Still, at least there are a couple of subtle variations to the template. Downstairs is the usual arrangement of benches, booths and wooden steppy things (the latter first spotted in Doghouse, but now all the big new bars seem to have them as impromptu seating, presumably based on the thinking that the best way to fit more customers in is to stack them vertically). There's also a small kitchen, although The BBG informs me that the main kitchen is carefully hidden away on the upper floor. The only things visible to the public on that floor are the loos and a small number of ping-pong tables. Initially, I thought the upper storey was separated from the lower level by some sort of anti-suicide netting: in fact, the nets are there to stop stray table tennis balls flying out onto the ground floor and starting off involuntary sessions of beer pong. The most unusual feature of the loos is that they feature two rows of sinks backing directly onto each other - if you're not concentrating while you're washing your hands, you'll think there's a mirror in front of you, and then you'll look up and suddenly think you're a ghost.
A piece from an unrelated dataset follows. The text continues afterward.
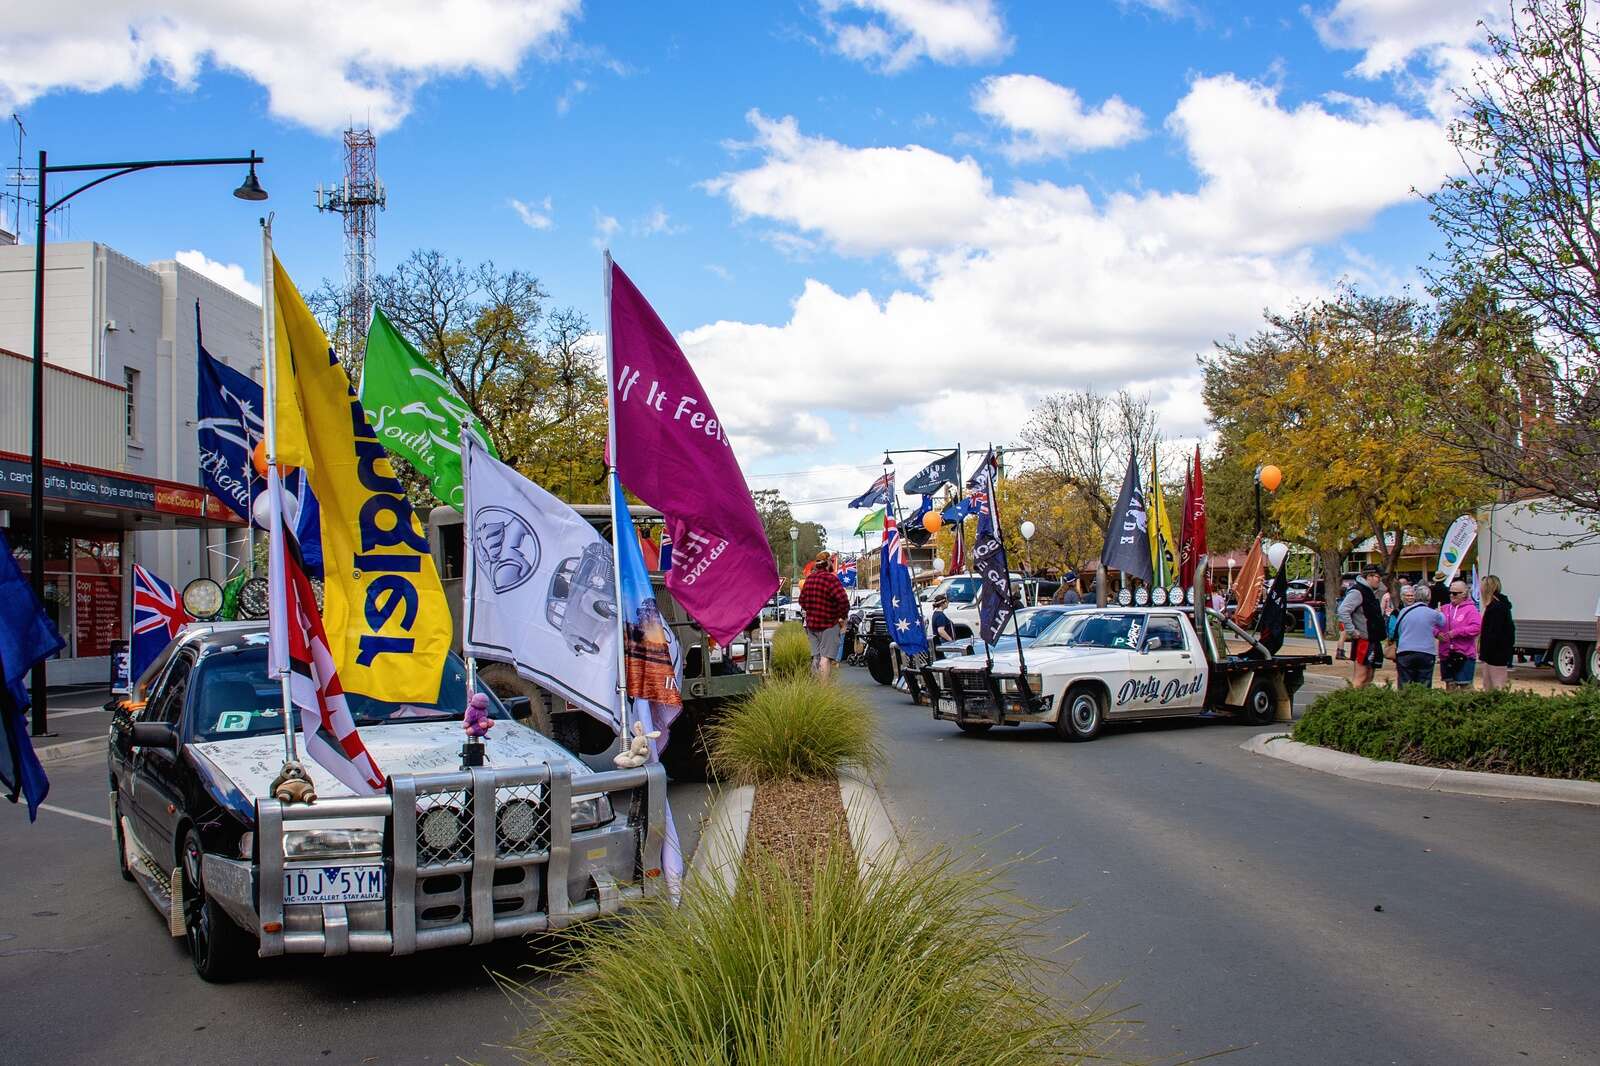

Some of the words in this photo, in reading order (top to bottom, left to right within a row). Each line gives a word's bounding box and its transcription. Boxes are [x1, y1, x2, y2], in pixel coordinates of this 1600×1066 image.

As for the drinks, they're all up to the expected standard. We make our way through a selection of newish BrewDog brews - the three beers in the current Fanzine small batch collection, and a pint of Lost Lager. The latter is the latest in a long line of BrewDog attempts to make a lager that's simultaneously not so bland as to offend their core customers, and not so unusual as to scare off traditional lager drinkers. It's okay, I guess: as usual, though, every new BrewDog lager ends up being hyped as an unexpected return to form after a run of disappointments, like we used to say about new Woody Allen movies until we realised we didn't need to do that any more. (Yeah, I'll say it: LAGER IS A SEX CRIMINAL.) We finish off the evening with a suitably OTT nightcap - Uiltje's Mind Your Step Maple Edition, a ridiculously complex imperial stout clocking in at an equally ridiculous 14% - which sets us up for our long journey back home, enlivened by a couple of unexpected train cancellations.

Milton Keynes isn't all that convenient a bar to commute to from London, but it seems to be drawing a respectable crowd of locals - it's reasonably busy early on a Saturday evening, and gets buzzier as the night wears on. It's a shame that more and more BrewDog bars seem to be approaching the size of barns these days, but they're not apparently having any trouble filling this one.

Comments

Suzannes flaming flan club

Having lived in Milton Keynes for four years in the late Eighties, the thing to say is that it doesn't exist as a closed bubble in isolation from everywhere else. It was created within three older towns of Bletchley (as you mentioned), Wolverton (historic railway town) and Stony Stratford (where I used to work). As such people would often socialise out as far as Northampton in one direction, and in my case (back in the days before MK Dons) would go to footie at Luton.

Back then within the city the main entertainment centre was at a complex called The Point (but I believe there is a lot more happening there now). As such one actually felt as if you were a part of something new and special living there in the Eighties, but I believe it has become a lot more populated and crime ridden since.

The Redway (off road city wide pedestrian walkway) was always a special feature for me as a jogger. But ultimately it was never a place to live without a car, for which it was essential to develop a fondness for roundabouts.